Long-suffering: In the New Testament, God’s attitude towards mankind is that He is very patient with us. The Greek word is makrothumia [macro-thoo-mia], which means patience, endurance, constancy, steadfastness, perseverance, forbearance, long-suffering. When you are wronged – if you are walking in the fruit of long-suffering – you will not
be compelled to avenge the wrong done, but instead will be slow to anger and wrath. This fruit causes you to bear with troubles and ills in people and situations. To be long-suffering is to be forbearing, loving and forgiving.

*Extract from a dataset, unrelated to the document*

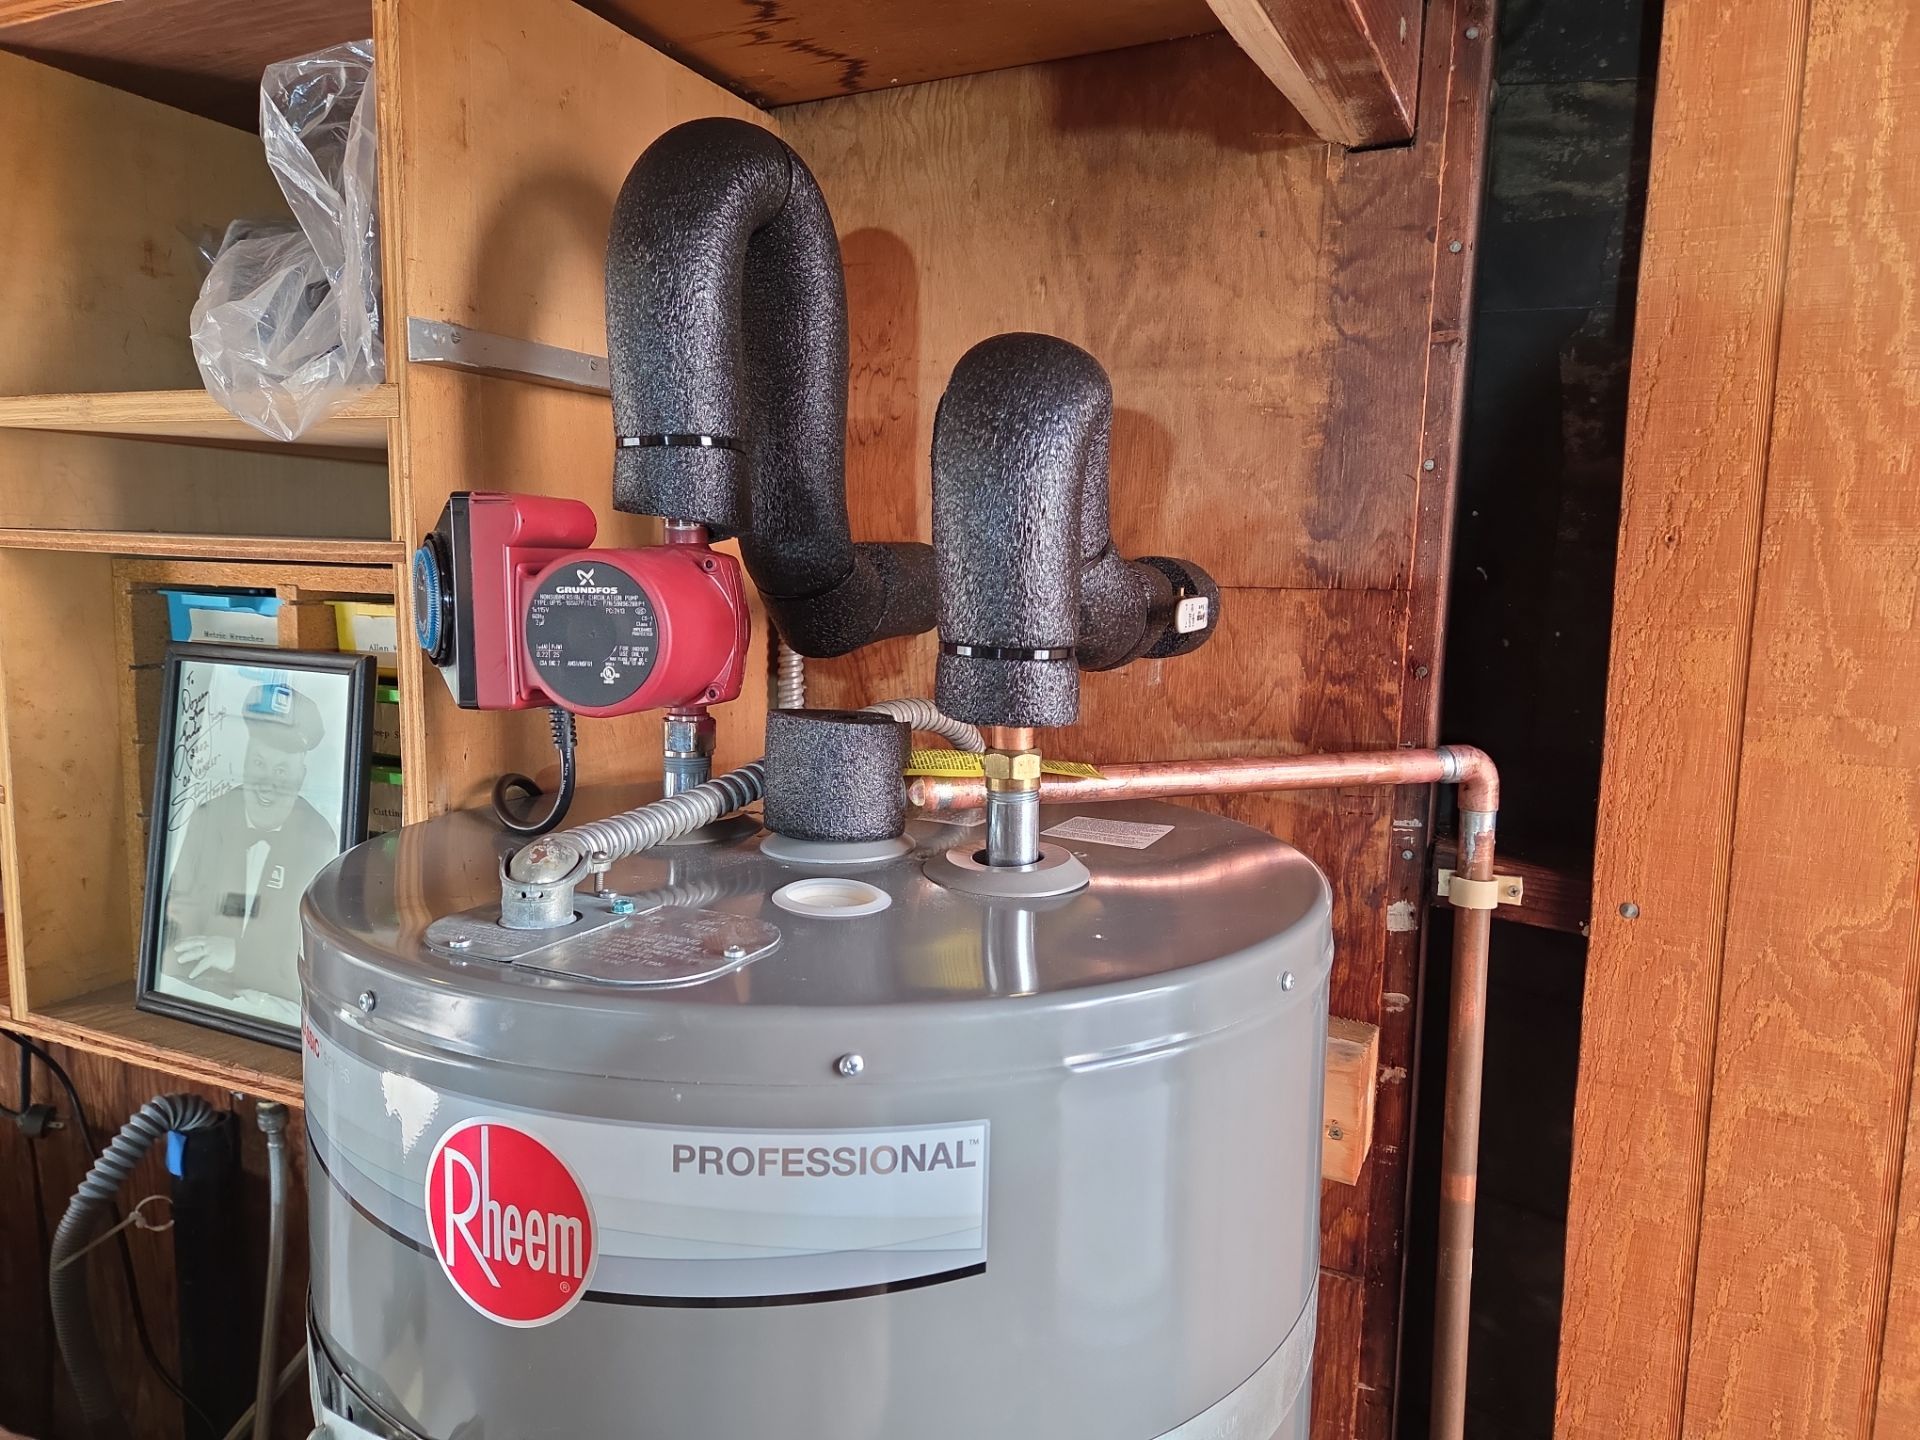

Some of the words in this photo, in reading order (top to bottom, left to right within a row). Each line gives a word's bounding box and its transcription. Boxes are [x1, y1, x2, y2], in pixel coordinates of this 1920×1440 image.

Kindness: The Greek word for kindness is krestostes [kray-sto-tays] it means moral goodness, integrity, kindness. It has the connotation of being useful, and it goes hand-in-hand with the Greek for philanthropy, which is goodwill to fellow members of the human race. However, kindness is the disposition. It is what motivates us. The word denotes a goodness which does not irritate, does not make others uncomfortable and is a gentleness.
Goodness: The Greek translation for goodness is agathosuney [a-gath-osu-nay] – uprightness in heart and life, goodness, kindness. This is God’s heart towards mankind as well. He wants to do good to you. His goodness towards you is manifest in His good actions and deeds born out of His great love for you. This goodness flows to you by His Holy Spirit. It is the ability, out of His heart of love, for us to do good to others as well.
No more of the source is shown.